他說:“我是中國通你知道嗎?”我說知道,他問我什么時候知道的,我說:“五分鐘前您不是剛說的嗎?原來不知道。”我開始解說,天壇建于1420年,是中國明朝的永樂皇帝在永樂十八年建的。他說“停”!

“我講錯了嗎?”我問他。

“并沒有。公元1420年的時候,你們建一個天壇,你們把命運就交給天神了,而我們歐洲呢,你知道在做什么嗎?”

“赫德先生,您不要為難我。您是中國通,我不是歐洲通,我很難回答您這個問題,但是我知道一點,1420年鄭和下西洋,他到北京跟皇帝匯報后,他又下西洋。”

“這跟我問的問題沒有關系。”赫德反駁。

“有關系啊,鄭和下西洋以后,往后數30年,哥倫布出生,又過了30年,意大利女王贊助他,他拿著這些錢說去探險,后來他跑到了拉丁美洲那兒,他說發現新大陸了,是嗎?”

赫德說對,“2:0!那為什么你們國家后來落后了呢?”

“如果一個民族過度的相信天,以至于依賴天的兒子,以至于封建社會延長了。這倒是您說的那個道理。”

赫德不吭聲了,我們就去參觀圜丘。我說:“中國古代有一種理論,認為天是圓的,地是方的,所以喜歡用圓臺子來祭天,用方臺子來祭地。”他不同意,天怎么會是圓的呢?我說:“天圓,天為動,地方,地不動。比方說英國人發明了鉛筆,圓的,擱在桌上經常掉地上,后來改成六角了,這就是方的,就不會掉地上了,為什么?因為它靜,不動。圓就是動,多形容靈活,方就是不動,多形容穩定。”

之后,赫德又問了我許許多多問題,祈年殿、教堂、摩天大樓、皇帝氏族、圣經……在聽完回答后,他說:“3:0!今天時間不長了,我下次來,還約你來,咱倆接著聊!”

我笑了,送給赫德一枚天壇紀念小徽章。我跟他說,下次來請帶您夫人一塊來。他很高興地走了。

基辛格的十次來訪

上海觀察:據說在來天壇公園參觀的外賓中,美國原國務卿基辛格來的次數最多?

徐志長:是的。從1971年至上世紀末,基辛格每次訪華,必來天壇,前后竟一共來了十次之多,他對天壇表示出極濃厚的興趣。

上海觀察:但是在前期,您并未直接參與過接待工作。可曾聽過見過基辛格在參觀天壇公園時的趣事?

徐志長:有很多,而且我還記得具體時間和細節。雖未直接參與,但是我當時已經在天壇公園工作多年了。當基辛格來訪時,我們都在旁邊。

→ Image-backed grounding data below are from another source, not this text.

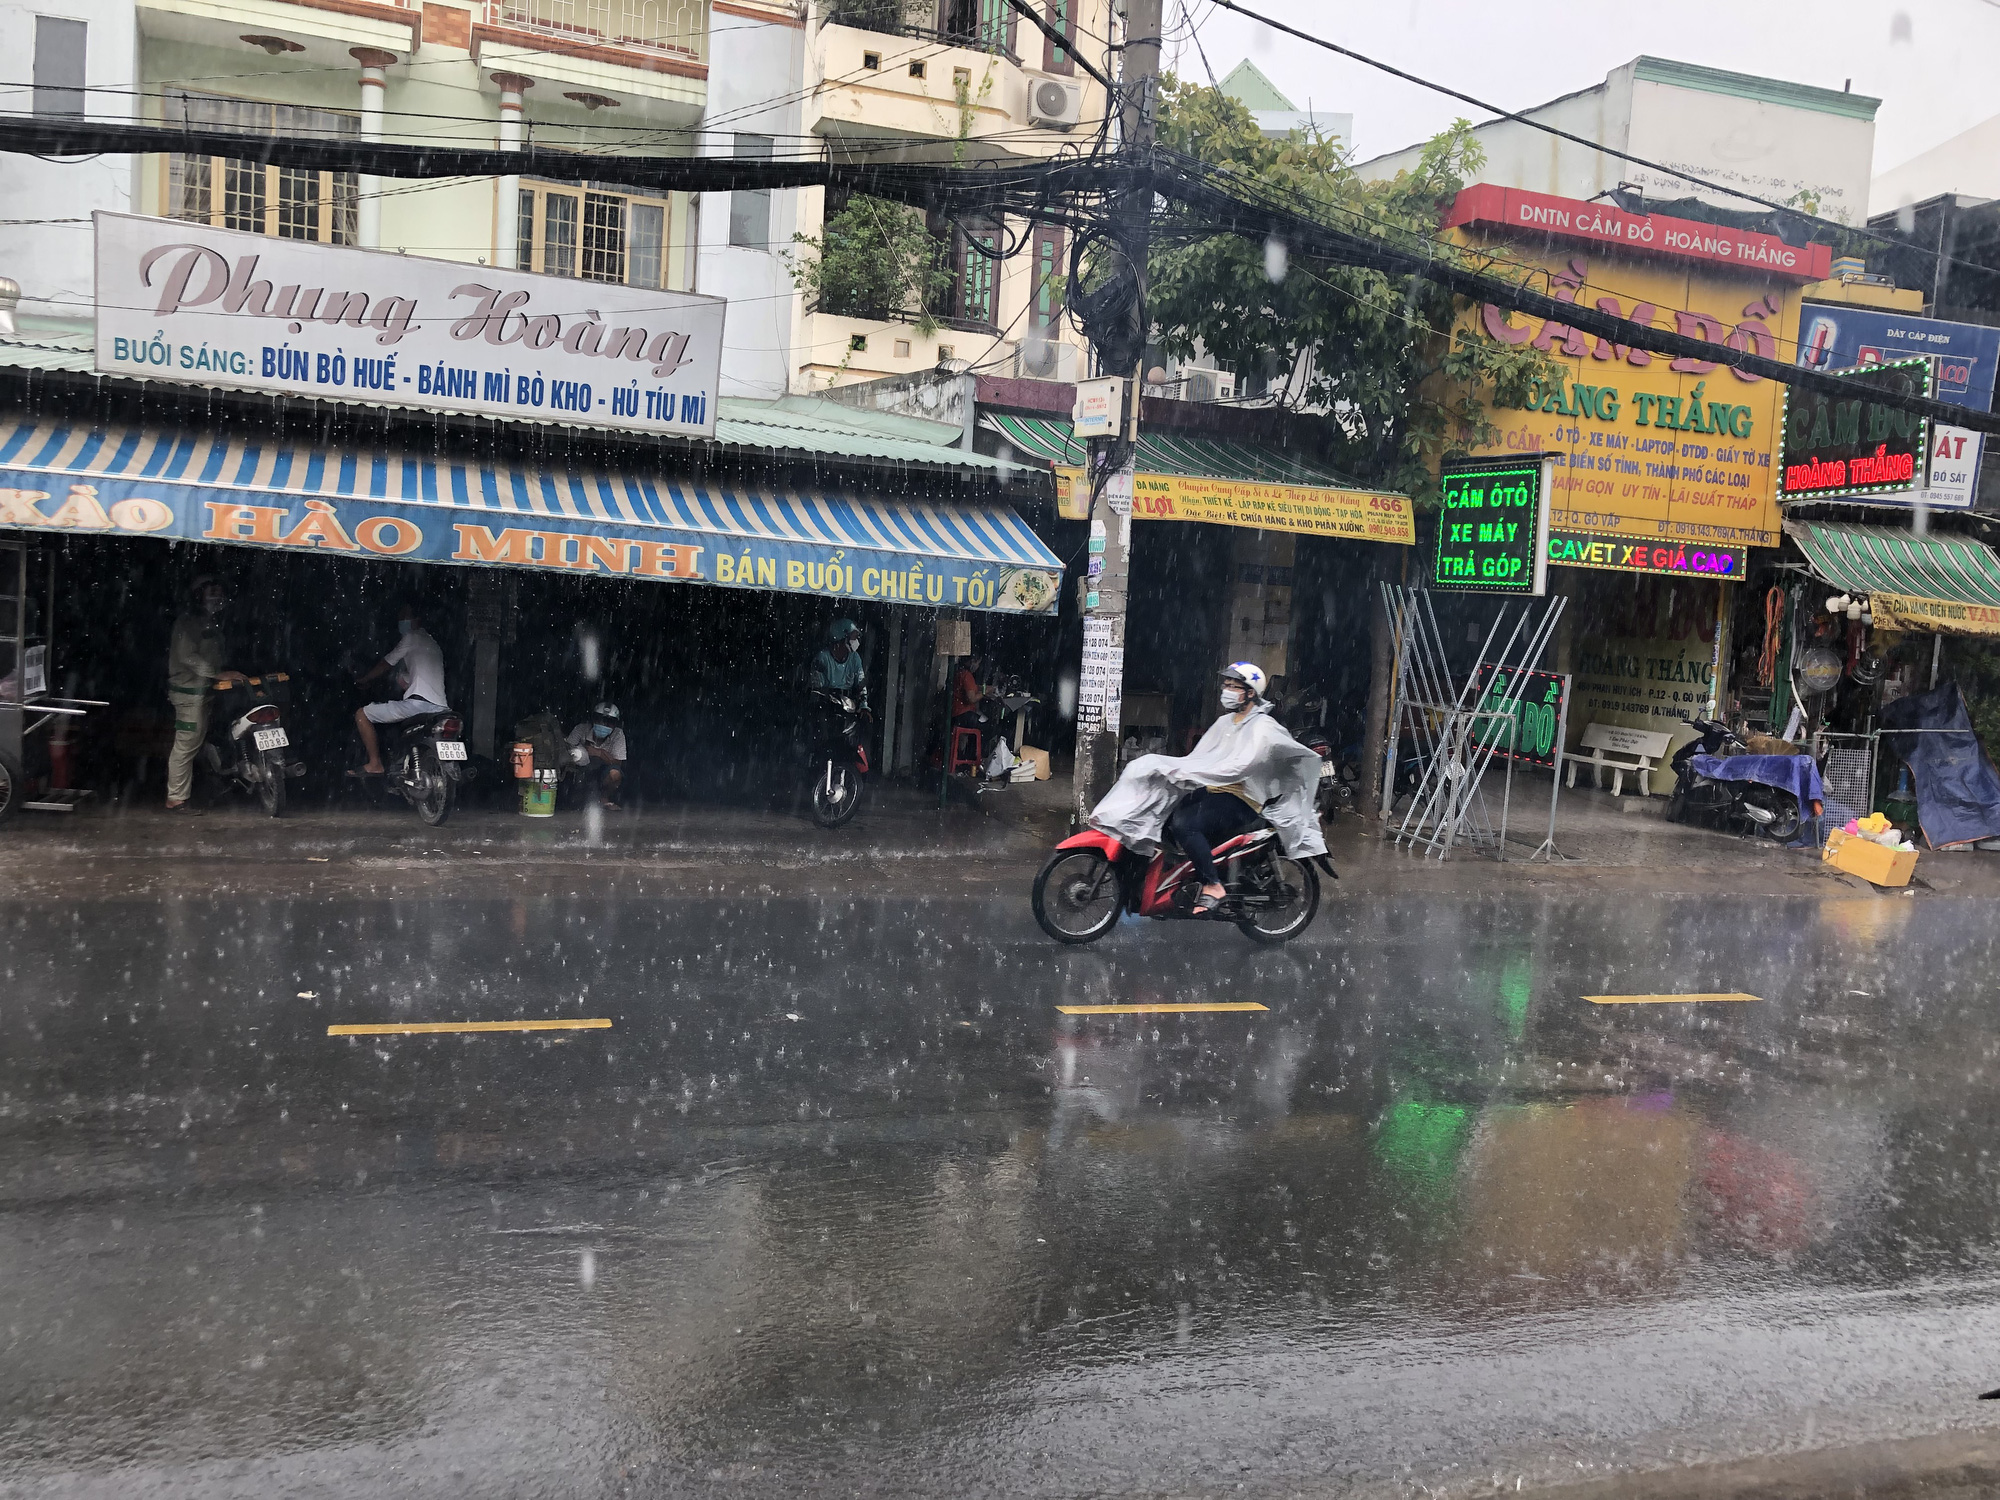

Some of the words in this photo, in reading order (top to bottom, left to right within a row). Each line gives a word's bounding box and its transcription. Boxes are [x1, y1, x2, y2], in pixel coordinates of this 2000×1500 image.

[1520, 203, 1570, 228] DNTN
[1575, 210, 1622, 238] CẦM
[1626, 217, 1655, 242] ĐỒ
[1664, 229, 1732, 256] HOÀNG
[1737, 237, 1796, 267] THẮNG
[139, 243, 421, 346] Phụng
[448, 283, 694, 379] Hoàng
[114, 330, 172, 366] BUỔI
[180, 342, 254, 376] SÁNG:
[262, 342, 309, 382] BÚN
[317, 347, 346, 386] BÒ
[354, 351, 398, 391] HUẾ
[418, 360, 477, 400] BÁNH
[484, 367, 510, 403] MÌ
[517, 371, 544, 407] BÒ
[550, 379, 592, 413] KHO
[612, 379, 639, 418] HỦ
[645, 385, 675, 422] TÍU
[681, 390, 706, 425] MÌ
[1633, 381, 1753, 438] THẮNG
[1555, 423, 1564, 441] Ô
[1567, 427, 1581, 443] TÔ
[1589, 431, 1603, 446] XE
[1606, 430, 1629, 450] MÁY
[1636, 439, 1675, 455] LAPTOP
[1716, 446, 1740, 464] GIẤY
[1757, 453, 1770, 467] XE
[1569, 449, 1595, 470] BIỂN
[1597, 453, 1612, 471] SỐ
[1646, 460, 1679, 480] THÀNH
[1682, 465, 1703, 483] PHỐ
[1705, 468, 1726, 485] CÁC
[1728, 472, 1750, 490] LOẠI
[1786, 456, 1846, 490] HOÀNG
[1850, 443, 1914, 484] THẮNG
[1144, 495, 1175, 518] LỢI
[1202, 494, 1222, 506] THIẾT
[1369, 498, 1402, 513] 466
[1586, 479, 1614, 498] GỌN
[1622, 483, 1639, 498] UY
[1642, 485, 1661, 501] TÍN
[1669, 488, 1690, 504] LÃI
[1691, 489, 1724, 507] SUẤT
[1241, 512, 1262, 523] CHỨA
[1264, 513, 1287, 526] HÀNG
[1289, 518, 1295, 526] &
[1297, 518, 1313, 529] KHO
[1315, 519, 1337, 530] PHÂN
[1450, 523, 1473, 543] XE
[1479, 517, 1518, 543] MÁY
[1571, 512, 1581, 526] Q.
[1584, 511, 1598, 526] GÒ
[1602, 512, 1621, 528] VẤP
[0, 484, 174, 532] XÀO
[202, 499, 424, 555] HÀO
[451, 523, 705, 580] MINH
[716, 550, 777, 585] BÁN
[787, 550, 855, 594] BUỔI
[861, 558, 944, 603] CHIỀU
[952, 565, 995, 608] TỐI
[1548, 539, 1616, 564] CAVET
[1621, 545, 1648, 567] XE
[1652, 545, 1688, 570] GIÁ
[1691, 553, 1734, 575] CAO
[1443, 549, 1476, 577] TRẢ
[1482, 552, 1522, 577] GÓP
[1967, 605, 2000, 626] VẠN
[1098, 638, 1108, 648] 074
[1095, 667, 1105, 676] 074
[1645, 648, 1713, 685] THẮNG
[1602, 700, 1619, 711] 0919
[1621, 702, 1649, 714] 143769
[1648, 689, 1665, 700] P.12
[1673, 691, 1681, 703] Q.
[1682, 690, 1694, 703] GÒ
[1085, 713, 1101, 722] GÓP
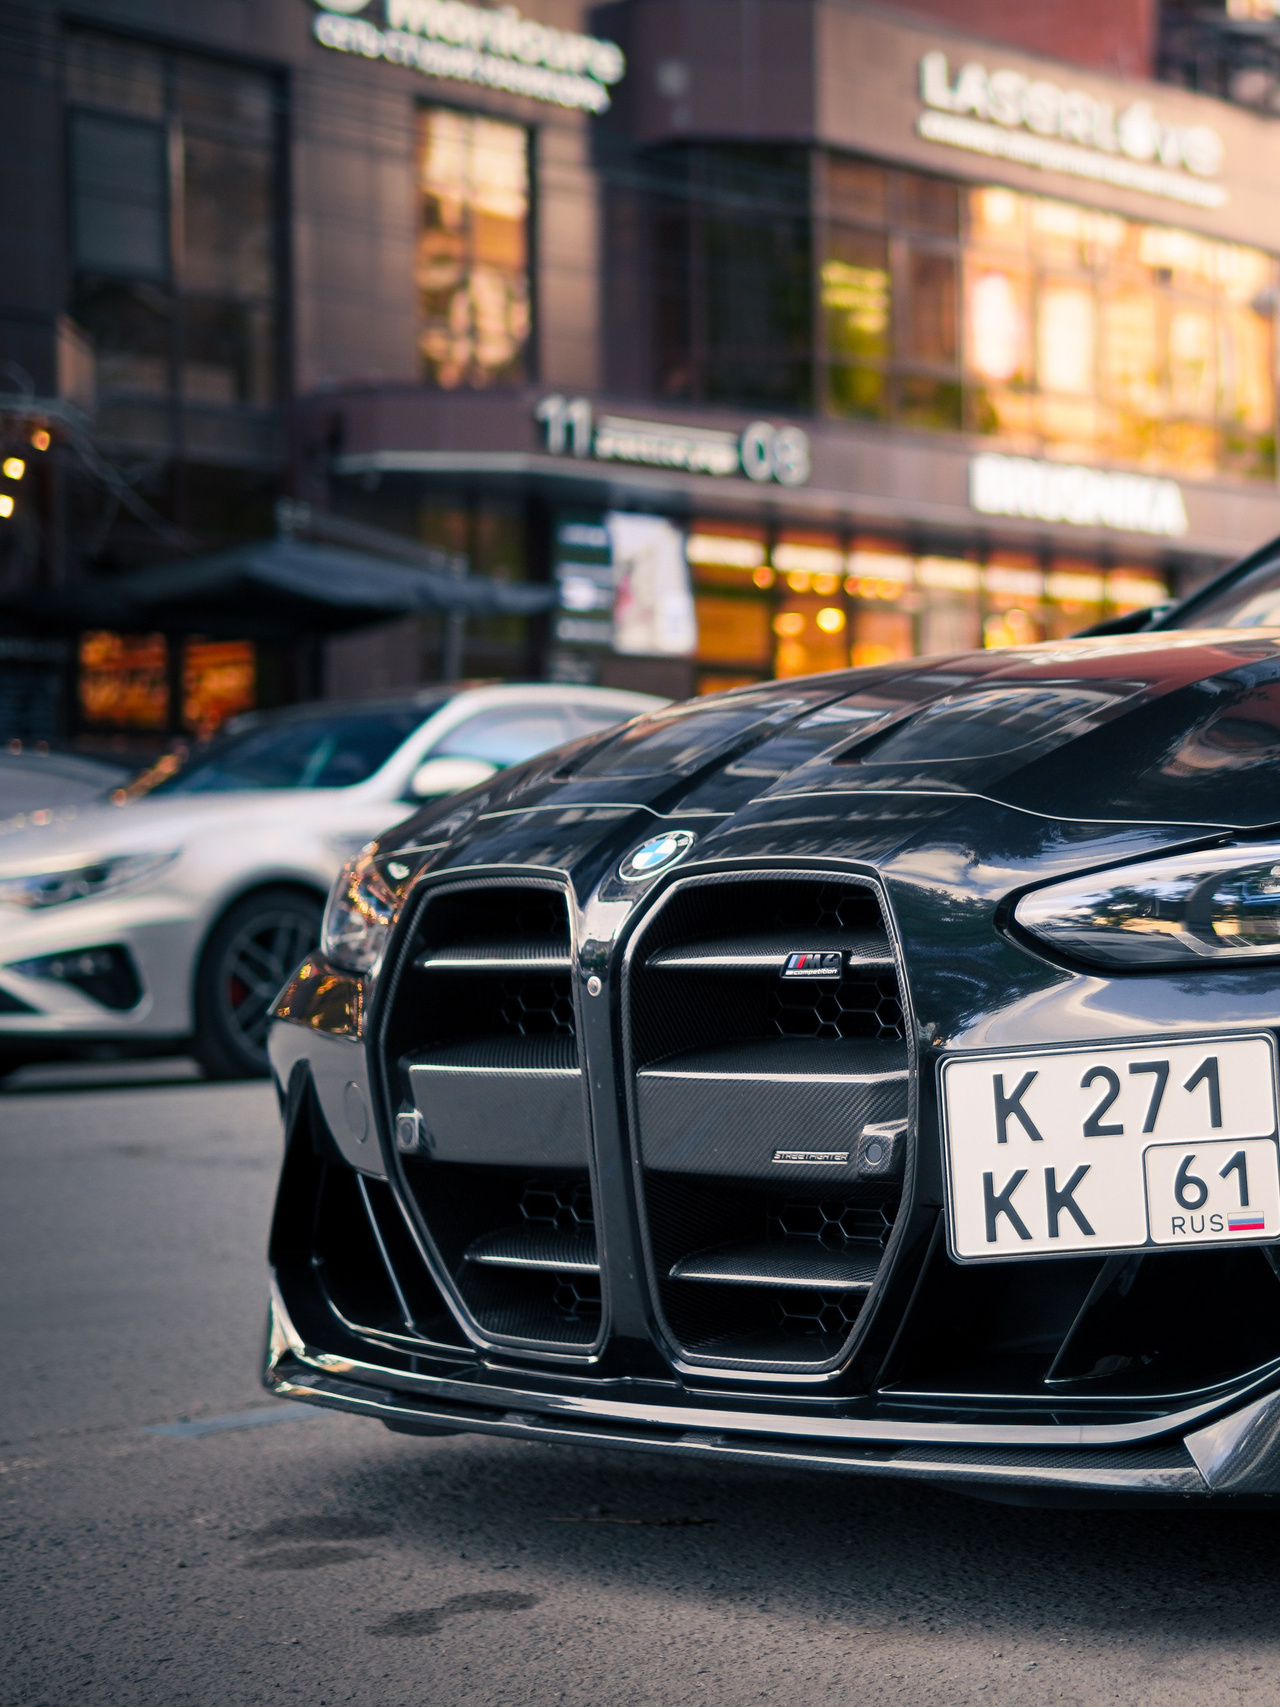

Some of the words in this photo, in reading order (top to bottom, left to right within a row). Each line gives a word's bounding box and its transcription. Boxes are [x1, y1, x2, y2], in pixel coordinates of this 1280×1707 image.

[992, 1070, 1044, 1144] K
[1080, 1056, 1223, 1138] 271
[982, 1164, 1096, 1243] KK
[1174, 1150, 1250, 1211] 61
[1172, 1214, 1225, 1236] RUS
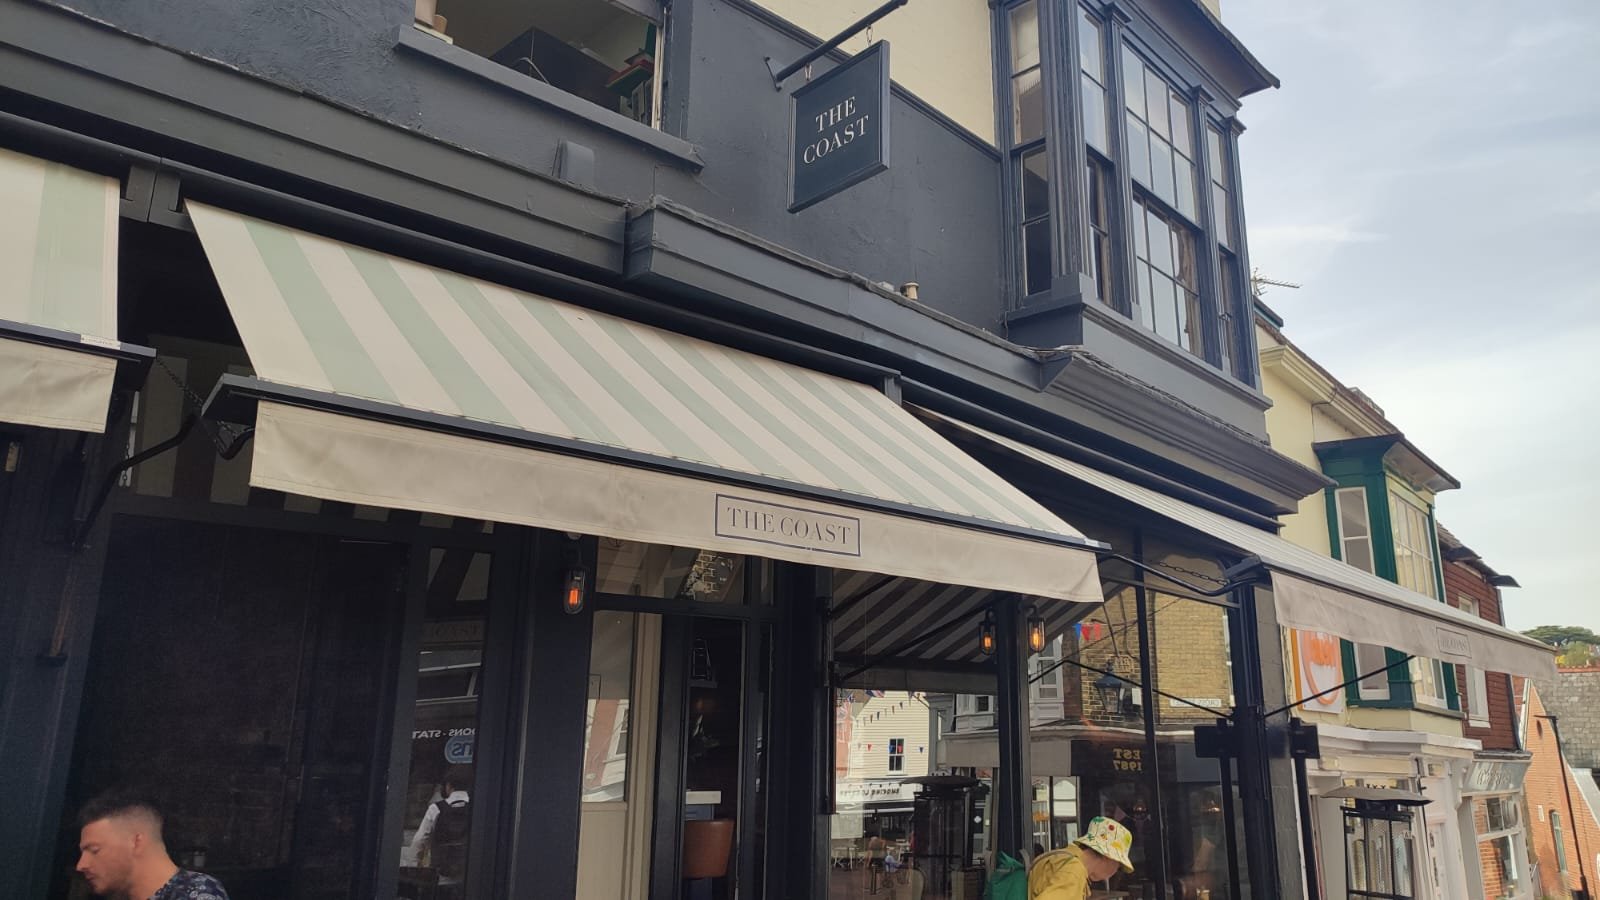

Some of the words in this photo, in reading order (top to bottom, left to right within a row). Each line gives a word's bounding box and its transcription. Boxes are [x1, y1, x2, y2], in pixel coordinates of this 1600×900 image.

1971年10月25日,基辛格第一次來參觀天壇。他的專車由西壇門進,穿越柏林間的御道,停在盛開著美人蕉的丹陛橋坡下。他走上中軸線,漫步到祈年殿內外仔細參觀了一圈,又回到祈年門前,往北長時間端詳著殿體,感慨道:“這真美啊!以美國的經濟實力和科技水平,能再造出一個或幾個祈年殿這樣的建筑,但怎能再造出具有500年以上樹齡的古柏林呢?怎能再造出這樣的氛圍呢?”

當時天壇園子內種了果樹、莊稼、蔬菜。基辛格離開時看見有人在地里拔大蘿卜。他很有興致地站停下來要了一個蘿卜,請隨員削了皮,自己嘗了嘗,說:“好吃,有點辣。”

1973年11月12日,基辛格第二次訪華,在時任外交部副部長喬冠華的陪同下,又到天壇游覽。導游向基辛格解說了回音壁的傳聲現象和原理。他很好奇,請喬冠華站在置放日月星辰牌位的東配殿后,自己走到祭拜風云雷雨的西配殿后,緊貼著墻壁,向北與喬對話。他聽到回音清晰,便對從東邊走過來的喬冠華說:“這里的墻磚,像無線電一樣,能夠傳聲。我能不能帶一塊磚頭回國,就用它跟你建立熱線聯系?”

(基辛格與喬冠華在天壇)

1987年9月4日,基辛格第7次到天壇參觀,臨走時看見了遠處的齋宮,便詫異地遙指西邊說:“那是什么,我怎么從沒到過那里?”我們告訴他,恐怕這次沒有時間了。他笑笑說:“沒關系,下次來華一定到那邊看看。”果然,兩年后,基辛格第8次到天壇,十分專注地游覽了齋宮。

基辛格博士一次又一次來天壇,能夠感受他對東方文化和中國建筑藝術無限喜愛和欽佩。